Essentiellement, les communautés mieux nanties sont celles dont la mission est liée à l'éducation ou à la santé. Par le passé, leurs membres ont souvent été rémunérés pour leur travail, quoique plus faiblement que les laïques jusqu'en 1975. Leurs chèques de payes ont été entièrement versés à leur communauté.

Aujourd'hui, les ex-enseignants ou infirmières reçoivent des rentes de la RRQ ou du fonds de retraite de leur ex-employeur, fonds toujours remis à leur communauté. Plusieurs congrégations de femmes sont dans cette situation, comme les Soeurs de la Providence ou les Soeurs des Saints Noms de Jésus et de Marie.

Les communautés qui avaient d'autres vocations, comme les dominicains, les jésuites ou les capucins, vivent plus modestement. D'ailleurs, plusieurs joignent les deux bouts grâce à la générosité d'autres communautés, indique Daniel Sylvestre, qui parle de «grande solidarité». À la corbeille, donc, ce mythe selon lequel les communautés se sont enrichies avec les dons des fidèles.

Des soins qui coûtent cher

Par ailleurs, peu importe leurs vocations, les diverses communautés font face à des difficultés communes : le vieillissement de leurs membres. Au Québec, on compte un peu plus de 14 000 frères et soeurs catholiques (21 000 au Canada), répartis dans 200 communautés. La moyenne d'âge avoisine les 75 ans.

Or, au moment de leur engagement, les membres ont reçu l'assurance de la communauté qu'on prendrait soin d'eux jusqu'à leur décès. Aujourd'hui, nombre de frères et soeurs sont en perte d'autonomie et n'ont pas accès aux Centres de soins de longue durée du gouvernement (CHSLD).

«Le gouvernement considère que les communautés religieuses sont des aidants naturels pour leurs membres. Comme les membres vieillissent, cette obligation coûte cher aux communautés», explique Esther Champagne, membre des Soeurs du Bon-Conseil de Montréal.
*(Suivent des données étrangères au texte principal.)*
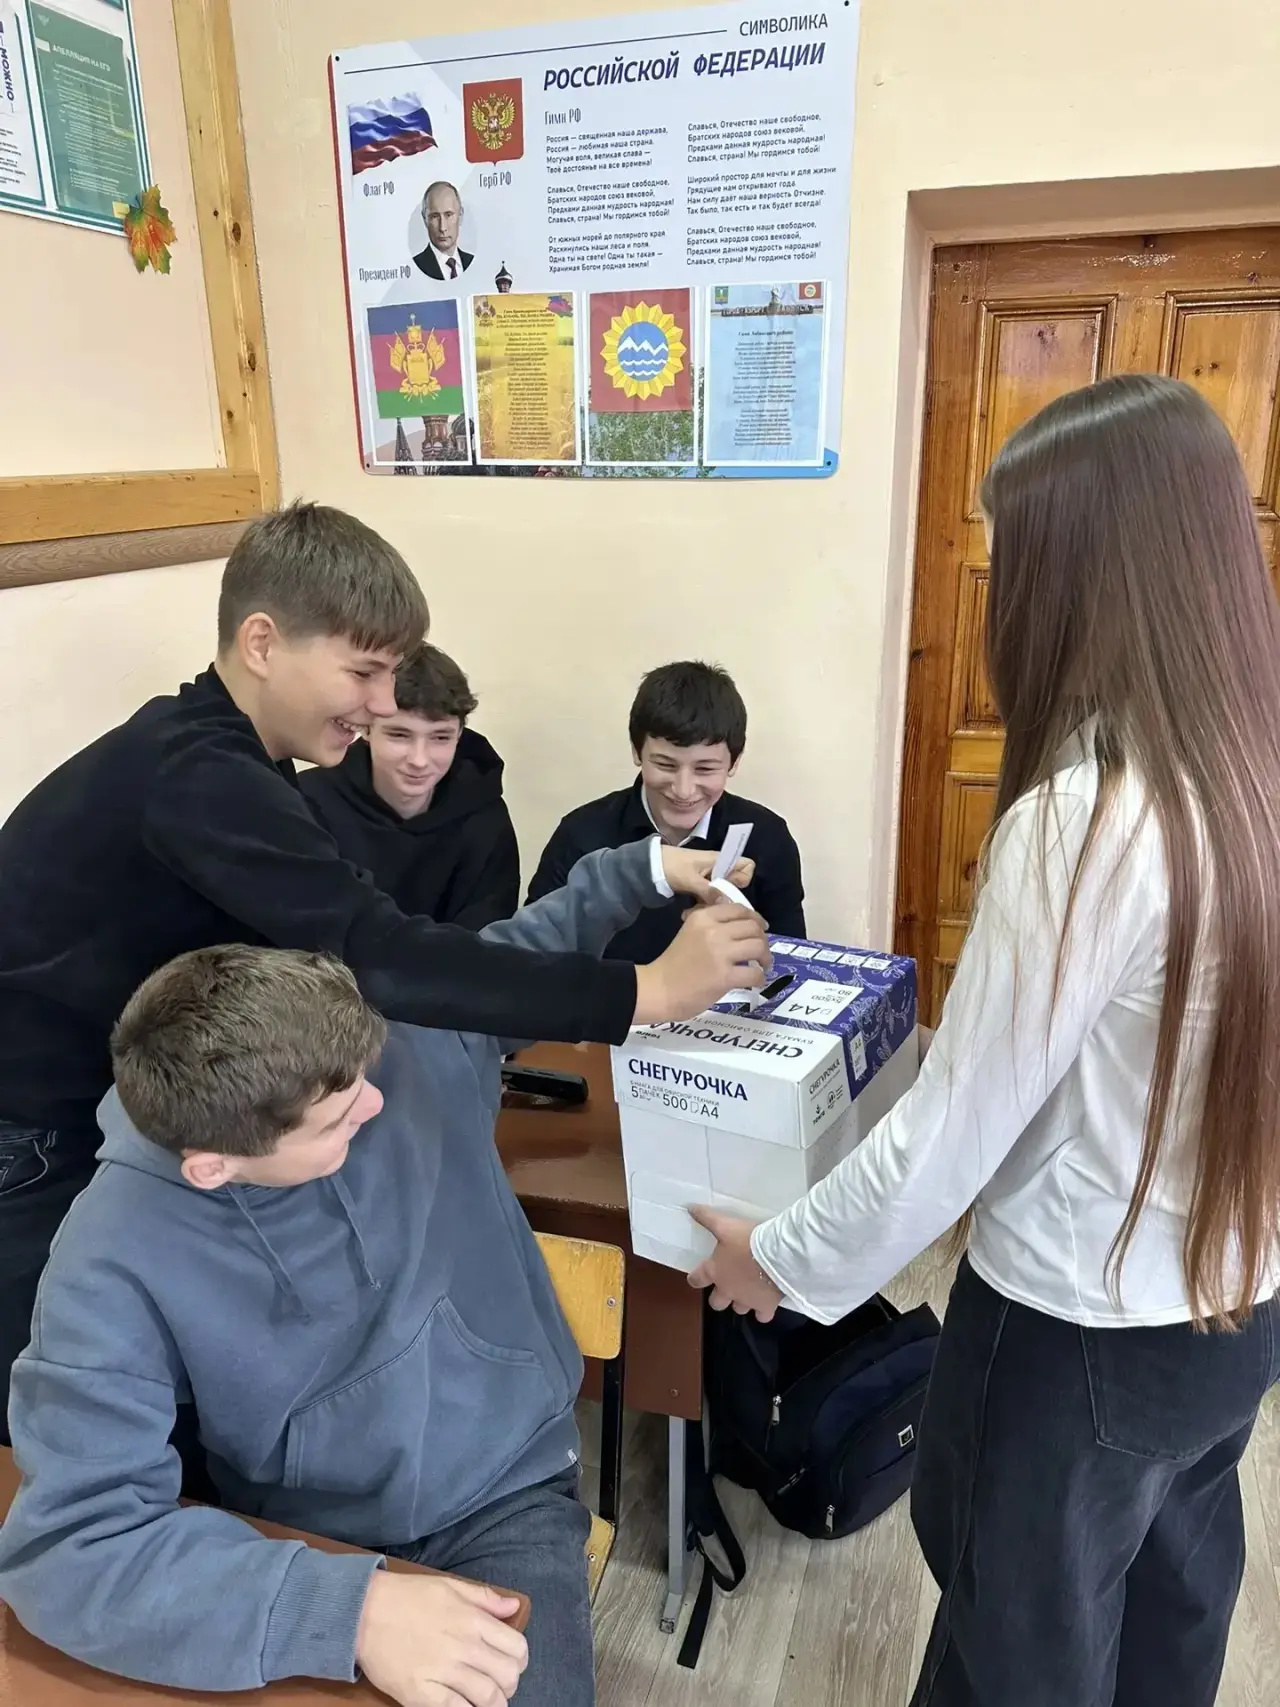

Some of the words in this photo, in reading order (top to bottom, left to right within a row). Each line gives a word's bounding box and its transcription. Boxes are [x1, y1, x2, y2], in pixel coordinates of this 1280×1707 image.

[740, 13, 829, 36] СИМВОЛИКА
[543, 50, 680, 91] РОССИЙСКОЙ
[693, 42, 826, 77] ФЕДЕРАЦИИ
[544, 111, 566, 125] Гимн
[569, 108, 581, 123] РФ
[479, 172, 498, 189] Герб
[500, 171, 512, 186] РФ
[363, 183, 381, 197] Флаг
[383, 181, 395, 195] РФ
[359, 267, 398, 282] Президент
[400, 265, 411, 279] РФ
[704, 1020, 751, 1033] ОФИСНОЙ
[752, 1028, 773, 1037] ДЛЯ
[775, 1033, 814, 1045] БУМАГА
[628, 1058, 748, 1101] СНЕГУРОЧКА
[631, 1085, 639, 1098] 5
[639, 1088, 660, 1098] ПАЧЕК
[662, 1094, 688, 1111] 500
[700, 1103, 719, 1119] A4
Chez les Soeurs de la Providence, par exemple, le bel immeuble de 12 étages où nous avait donné rendez-vous soeur Annette Noël sert d'infirmerie, notamment, avec quelque 210 lits. Sur les 542 membres de cette communauté au Québec, 175 sont en infirmerie, soit le tiers. Neuf soeurs sont centenaires.
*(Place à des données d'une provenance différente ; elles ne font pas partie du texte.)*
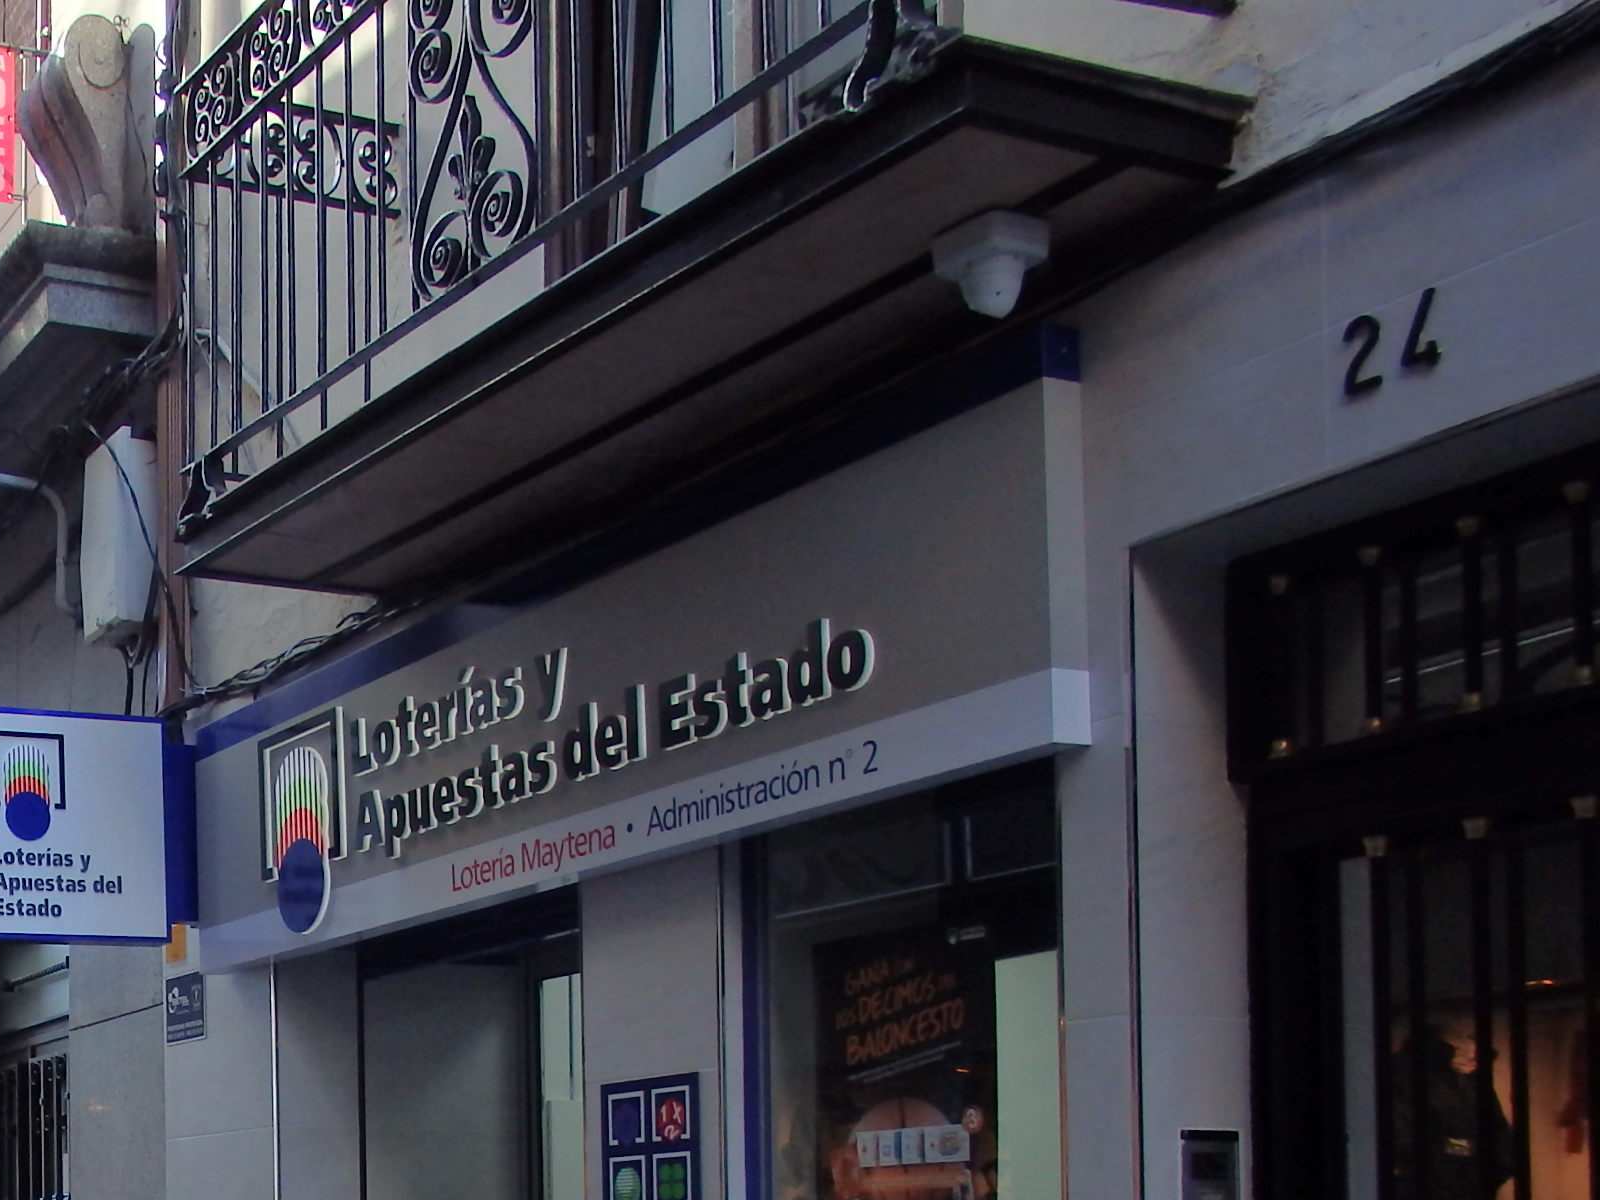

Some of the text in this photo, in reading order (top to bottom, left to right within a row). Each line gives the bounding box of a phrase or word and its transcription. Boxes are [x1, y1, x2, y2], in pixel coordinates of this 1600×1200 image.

[1342, 287, 1442, 396] 24
[350, 646, 569, 775] Loterías y
[355, 619, 875, 858] Apuestas del Estado
[80, 852, 91, 872] y
[450, 846, 516, 893] Lotería
[520, 822, 617, 879] Maytena
[647, 760, 822, 838] Administración
[861, 740, 879, 774] 2
[93, 874, 123, 895] del
«Nous sommes dans la classe moyenne de la population. Et notre capacité de faire des dons va en diminuant», assure soeur Noël, directrice générale de la Conférence religieuse canadienne (CRC), une organisation qui représente les leaders des communautés.

Budgets de 370 millions

Grosso modo, il faut entre 35 000$ et 50 000 $ par année pour subvenir aux besoins d'une personne en infirmerie, compte tenu des salaires du personnel laïc. En comparaison, les membres encore en bonne santé coûtent deux fois moins, soit entre 16 000 et 26 000$, indique soeur Claire Houde, supérieure provinciale des Soeurs de la Providence.
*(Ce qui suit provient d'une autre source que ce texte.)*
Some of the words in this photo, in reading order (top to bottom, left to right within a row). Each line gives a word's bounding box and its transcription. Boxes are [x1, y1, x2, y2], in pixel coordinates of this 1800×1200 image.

En extrapolant, on peut donc estimer que les communautés du Québec ont besoin d'environ 370 millions de revenus annuels pour subvenir aux besoins de leurs 14 000 membres. Les deux tiers des membres en pleine santé coûtent autant que le tiers qui nécessite des soins.

Bien sûr, à titre d'oeuvre de bienfaisance, les communautés religieuses ont bénéficié de généreuses exemptions fiscales des gouvernements municipal, provincial et fédéral au fil des années. En contrepartie, elles doivent notamment subvenir aux besoins de leurs membres sans subvention.

Au fédéral, les revenus des membres des communautés religieuses sont exemptés de tout impôt depuis plusieurs années. Au provincial, l'exemption est aussi de 100%, mais depuis 2003 seulement. Avant, l'exemption était de 75%. Au municipal, les couvents ne paient pas d'impôts fonciers.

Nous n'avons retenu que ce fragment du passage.